Instructions to follow – The following data is to be repeated exactly, its pictures excluded.

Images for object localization
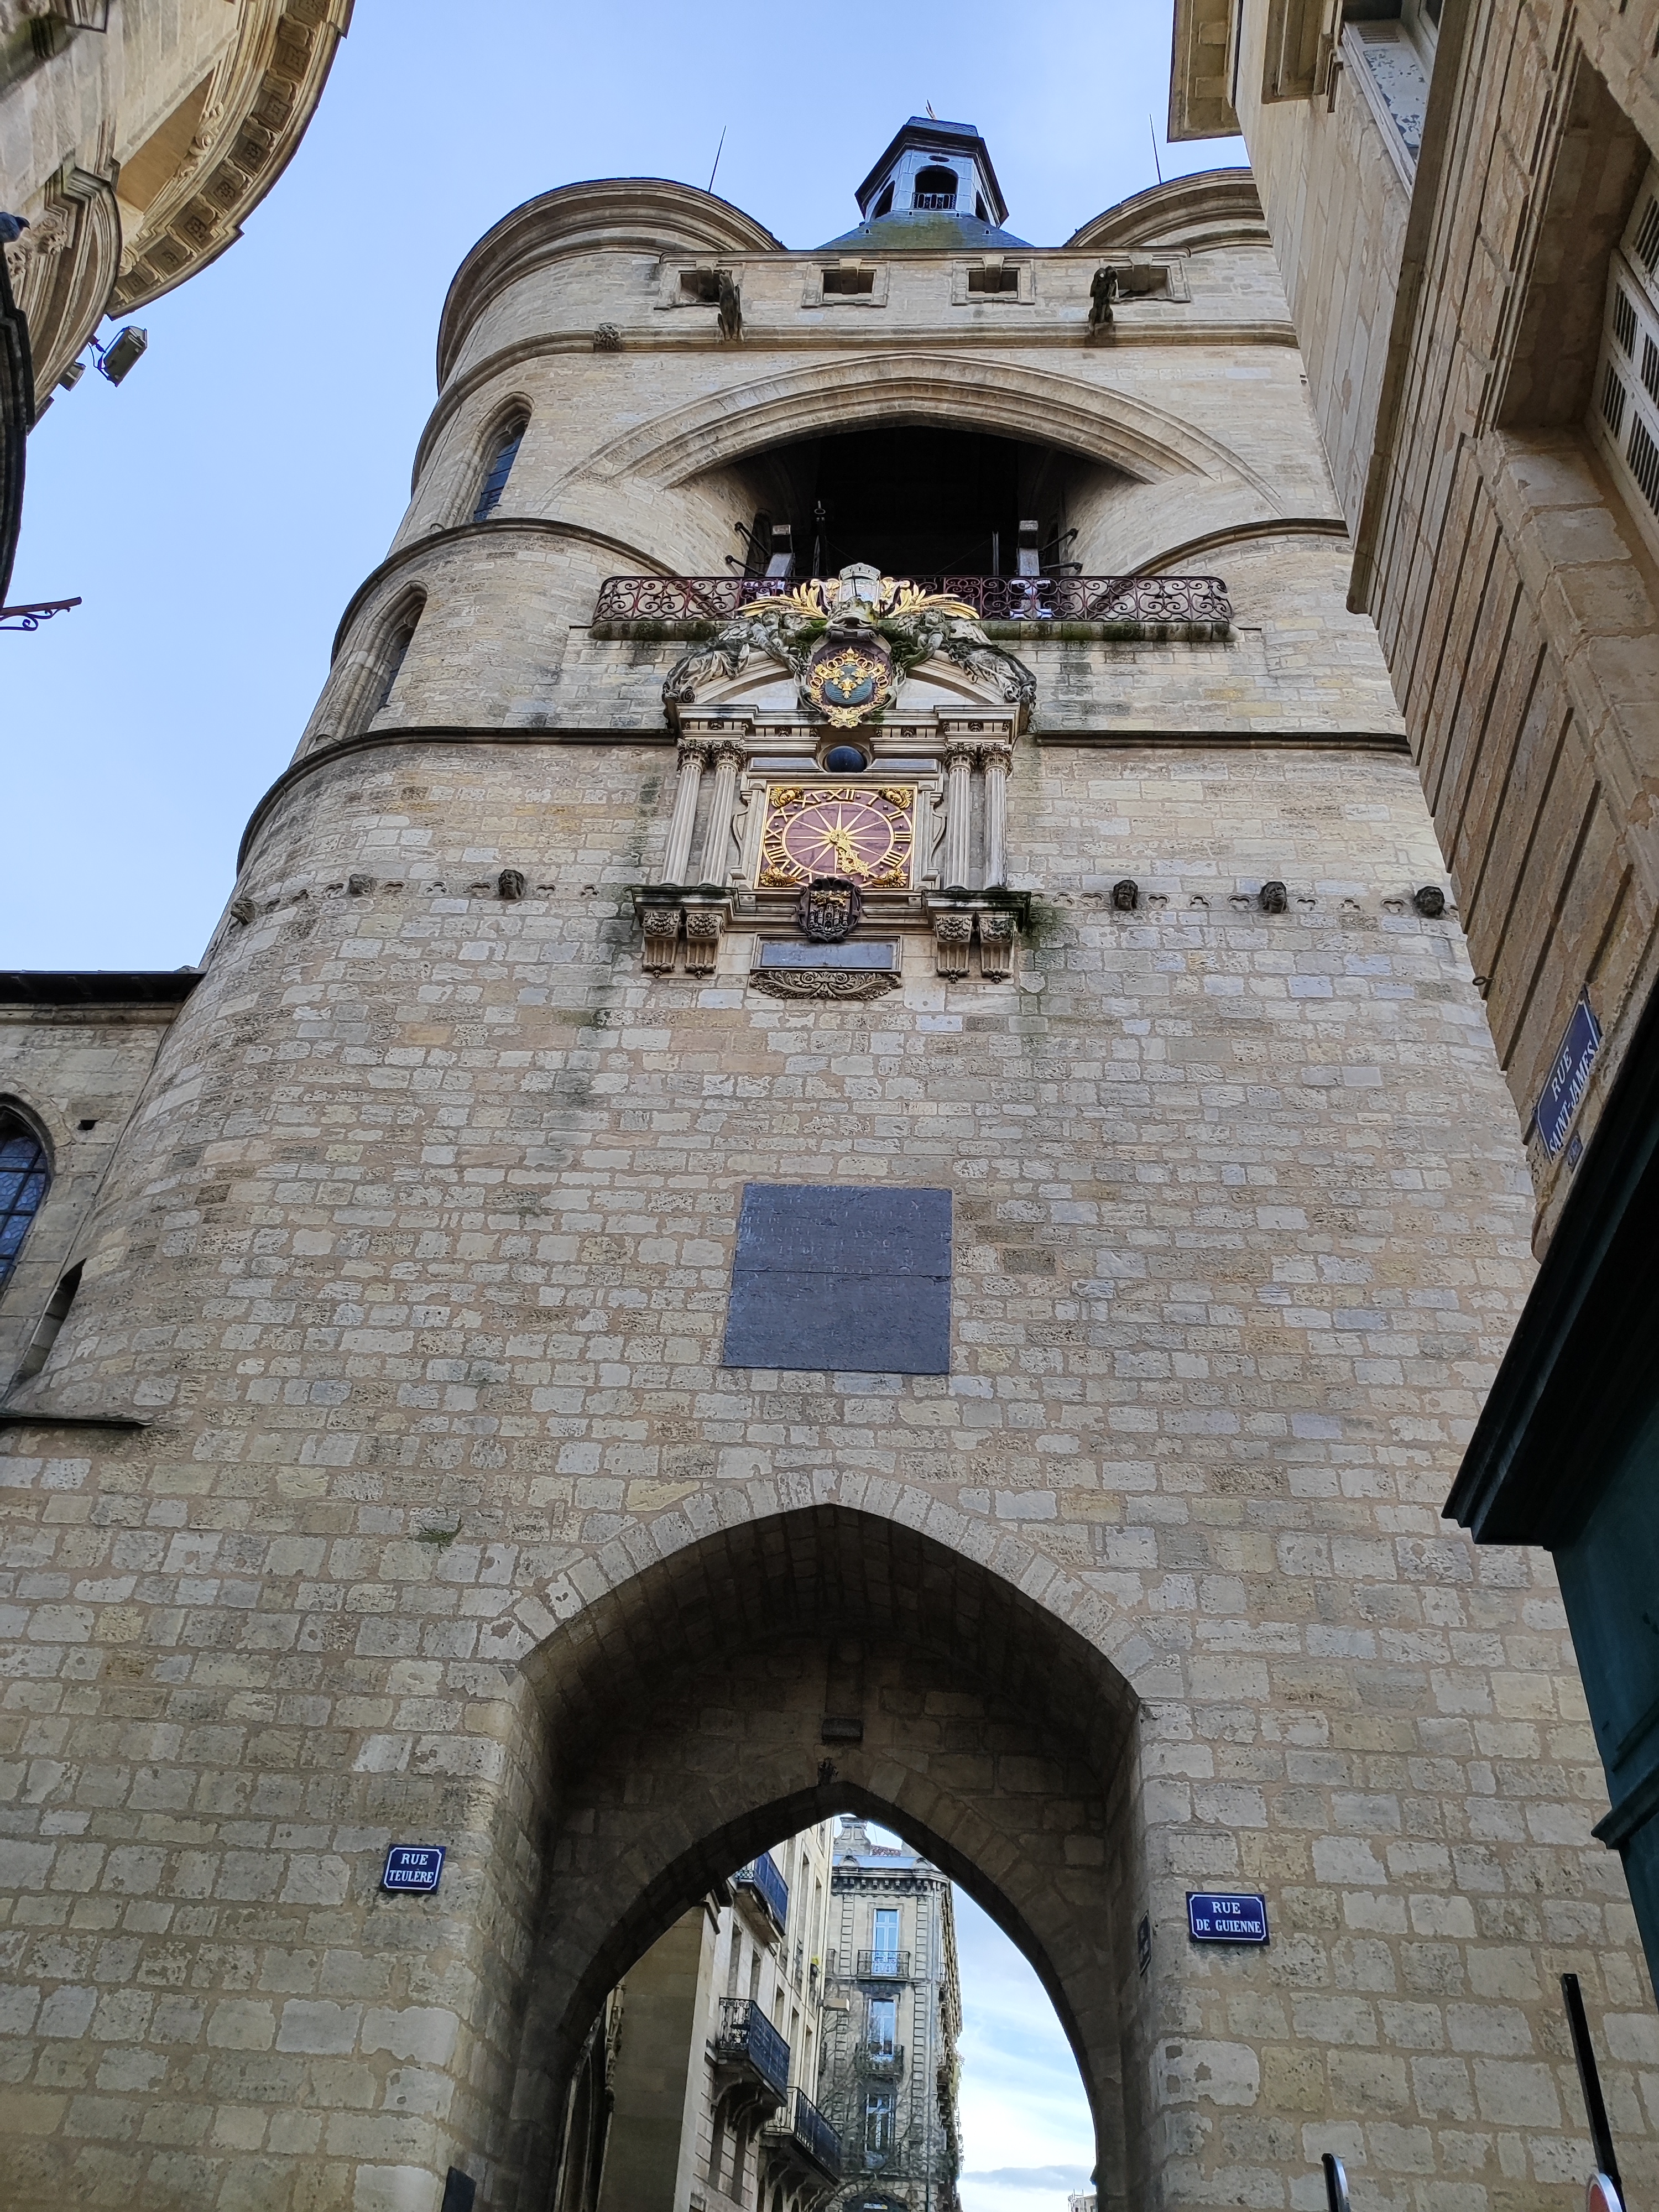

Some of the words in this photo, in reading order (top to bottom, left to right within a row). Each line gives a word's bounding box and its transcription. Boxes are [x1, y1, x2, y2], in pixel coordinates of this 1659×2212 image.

[826, 789, 855, 802] XII
[1551, 1045, 1572, 1102] RUE
[1549, 1039, 1595, 1155] SAINT-JAMES
[400, 1853, 429, 1865] RUE
[1212, 1901, 1241, 1914] RUE
[1196, 1918, 1211, 1931] DE
[1215, 1919, 1262, 1933] GUIENNE

Exercise answer –
Some of the words in this photo, in reading order (top to bottom, left to right within a row). Each line gives a word's bounding box and its transcription. Boxes are [x1, y1, x2, y2], in pixel coordinates of this 1659×2212 image.

[826, 789, 855, 802] XII
[1551, 1045, 1572, 1102] RUE
[1549, 1039, 1595, 1155] SAINT-JAMES
[400, 1853, 429, 1865] RUE
[1212, 1901, 1241, 1914] RUE
[1196, 1918, 1211, 1931] DE
[1215, 1919, 1262, 1933] GUIENNE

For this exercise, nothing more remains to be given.